**TASK PROMPT:** Write out the data below exactly as given, without any of its pictures.

[Referring expression grounding data]
# # # #

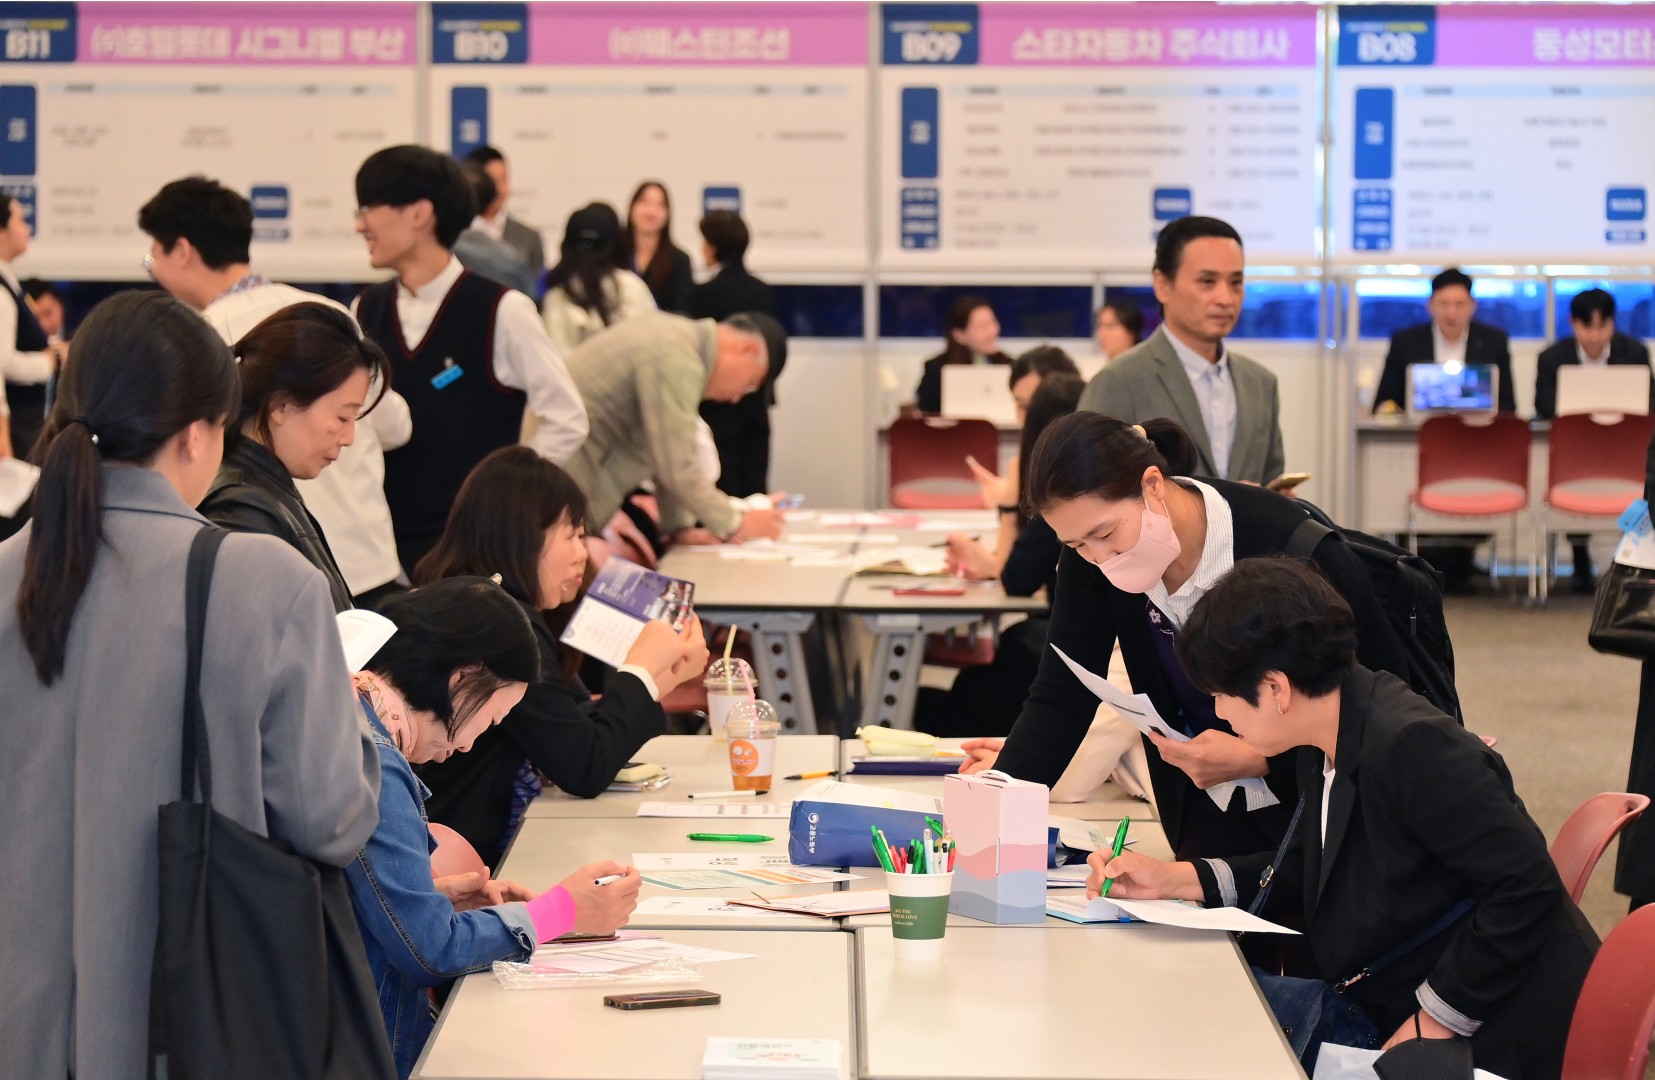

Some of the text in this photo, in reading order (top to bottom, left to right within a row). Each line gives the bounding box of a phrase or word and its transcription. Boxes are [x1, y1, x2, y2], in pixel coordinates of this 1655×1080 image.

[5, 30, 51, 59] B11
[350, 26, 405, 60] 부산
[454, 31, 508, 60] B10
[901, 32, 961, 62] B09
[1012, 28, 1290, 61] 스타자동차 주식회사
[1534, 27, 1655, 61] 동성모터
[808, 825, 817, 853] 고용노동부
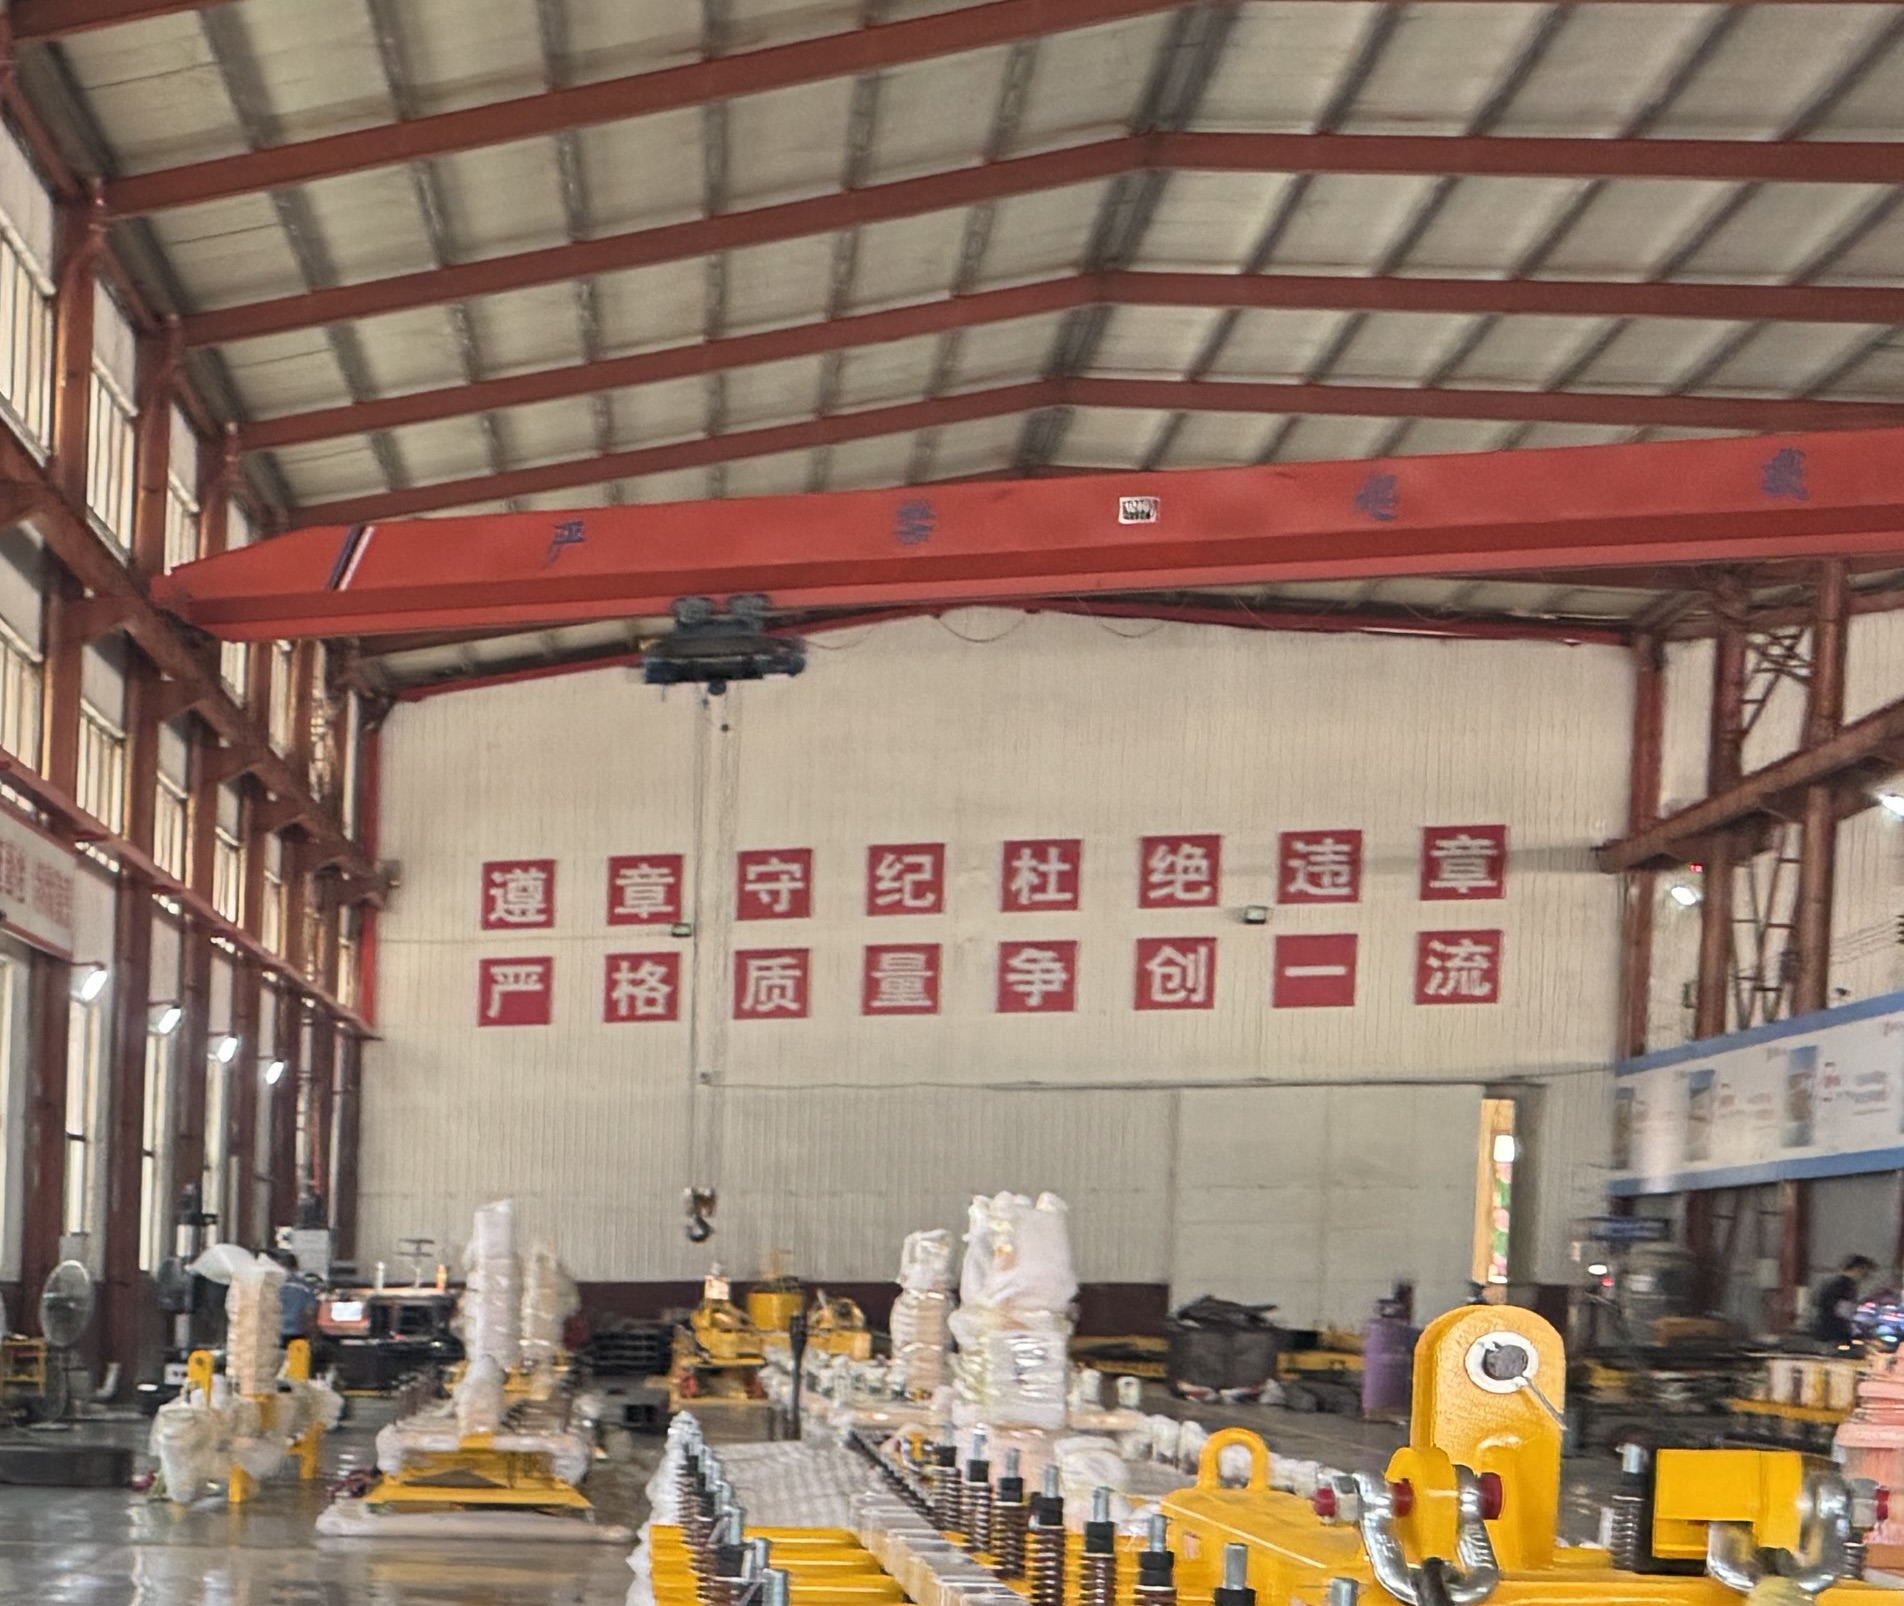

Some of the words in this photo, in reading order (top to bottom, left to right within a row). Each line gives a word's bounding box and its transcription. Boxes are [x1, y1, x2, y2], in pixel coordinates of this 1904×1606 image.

# # # #

**ANSWER AREA:**
Some of the text in this photo, in reading order (top to bottom, left to right within a row). Each line gives the bounding box of a phrase or word and its transcription. Boxes are [x1, y1, x2, y2], in pixel coordinates of this 1655×1080 image.

[5, 30, 51, 59] B11
[350, 26, 405, 60] 부산
[454, 31, 508, 60] B10
[901, 32, 961, 62] B09
[1012, 28, 1290, 61] 스타자동차 주식회사
[1534, 27, 1655, 61] 동성모터
[808, 825, 817, 853] 고용노동부

Some of the words in this photo, in reading order (top to bottom, left to right within a row). Each line gives a word's bounding box and its transcription. Boxes are [x1, y1, x2, y2], in pixel coordinates of this 1904×1606 image.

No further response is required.